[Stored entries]
================
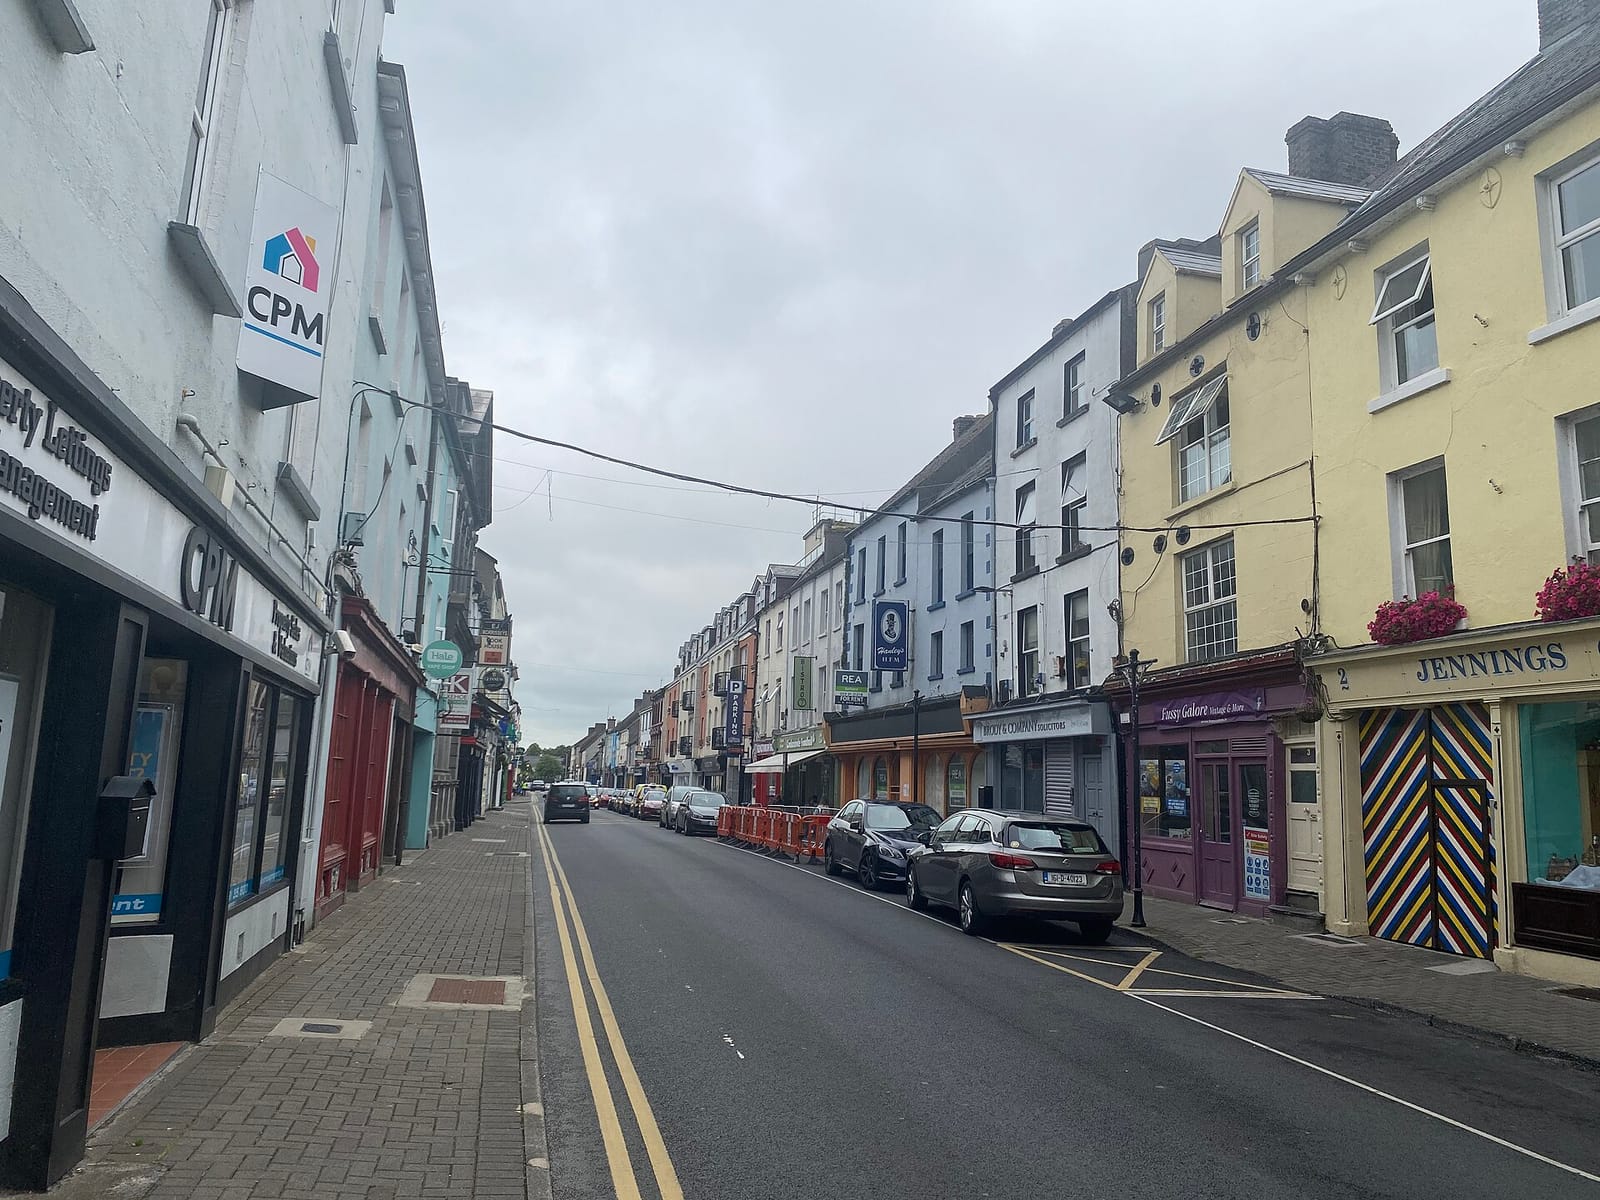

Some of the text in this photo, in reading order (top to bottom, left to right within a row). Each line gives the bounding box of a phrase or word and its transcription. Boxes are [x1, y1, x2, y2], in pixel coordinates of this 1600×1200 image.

[247, 286, 324, 346] CPM
[42, 400, 112, 495] Lettings
[181, 526, 239, 631] CPM
[841, 674, 863, 684] REA
[1337, 667, 1349, 686] 2
[1416, 642, 1567, 682] JENNINGS
[449, 675, 469, 693] K
[732, 682, 740, 692] P
[731, 694, 739, 735] PARKING
[1037, 721, 1066, 731] SOLICITORS
[1161, 707, 1181, 722] Fussy
[1182, 702, 1208, 718] Galore
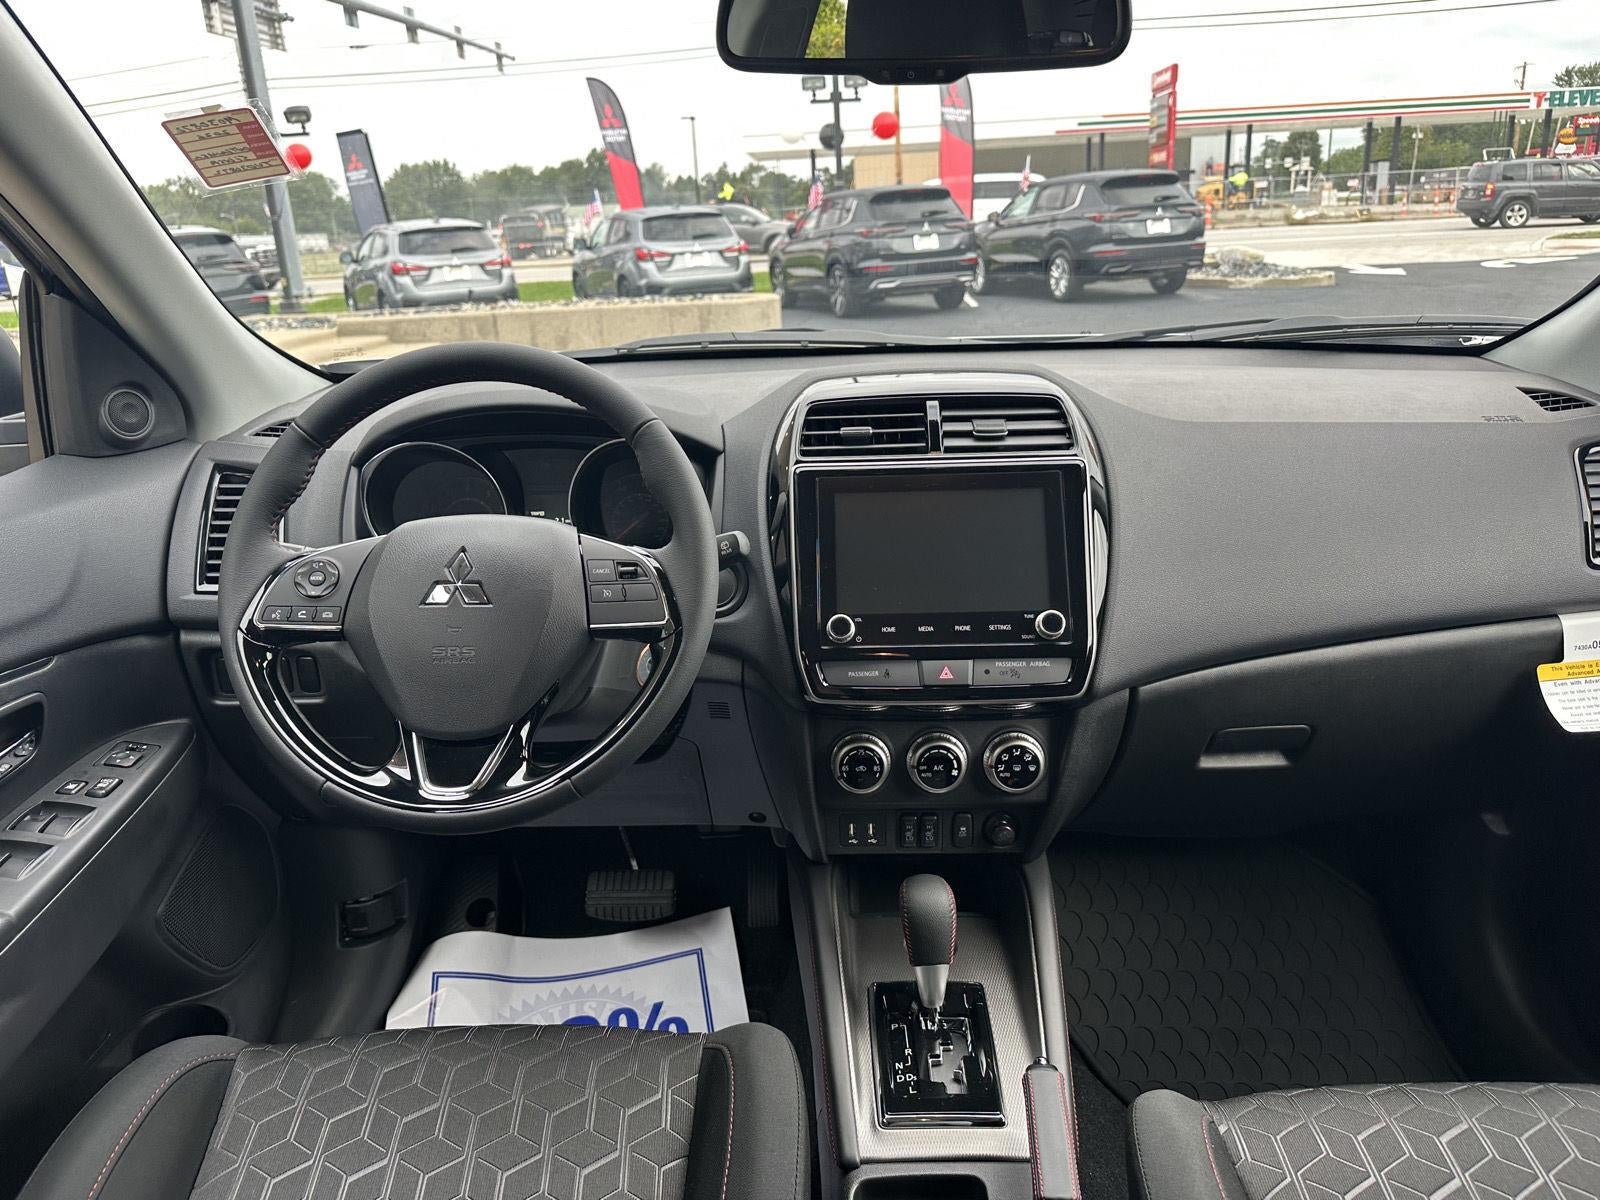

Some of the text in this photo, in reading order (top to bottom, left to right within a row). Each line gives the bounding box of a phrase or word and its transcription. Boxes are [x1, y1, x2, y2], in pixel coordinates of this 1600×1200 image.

[431, 646, 476, 657] SRS
[891, 1023, 899, 1031] P
[904, 1048, 912, 1056] R
[895, 1062, 904, 1070] N
[909, 1086, 918, 1094] L
================
Work to complete: The answer is the records above, repeated exactly, with no picture in it.

Response for this exercise:
Some of the text in this photo, in reading order (top to bottom, left to right within a row). Each line gives the bounding box of a phrase or word and its transcription. Boxes are [x1, y1, x2, y2], in pixel coordinates of this 1600×1200 image.

[247, 286, 324, 346] CPM
[42, 400, 112, 495] Lettings
[181, 526, 239, 631] CPM
[841, 674, 863, 684] REA
[1337, 667, 1349, 686] 2
[1416, 642, 1567, 682] JENNINGS
[449, 675, 469, 693] K
[732, 682, 740, 692] P
[731, 694, 739, 735] PARKING
[1037, 721, 1066, 731] SOLICITORS
[1161, 707, 1181, 722] Fussy
[1182, 702, 1208, 718] Galore

Some of the text in this photo, in reading order (top to bottom, left to right within a row). Each line gives the bounding box of a phrase or word and its transcription. Boxes are [x1, y1, x2, y2], in pixel coordinates of this 1600×1200 image.

[431, 646, 476, 657] SRS
[891, 1023, 899, 1031] P
[904, 1048, 912, 1056] R
[895, 1062, 904, 1070] N
[909, 1086, 918, 1094] L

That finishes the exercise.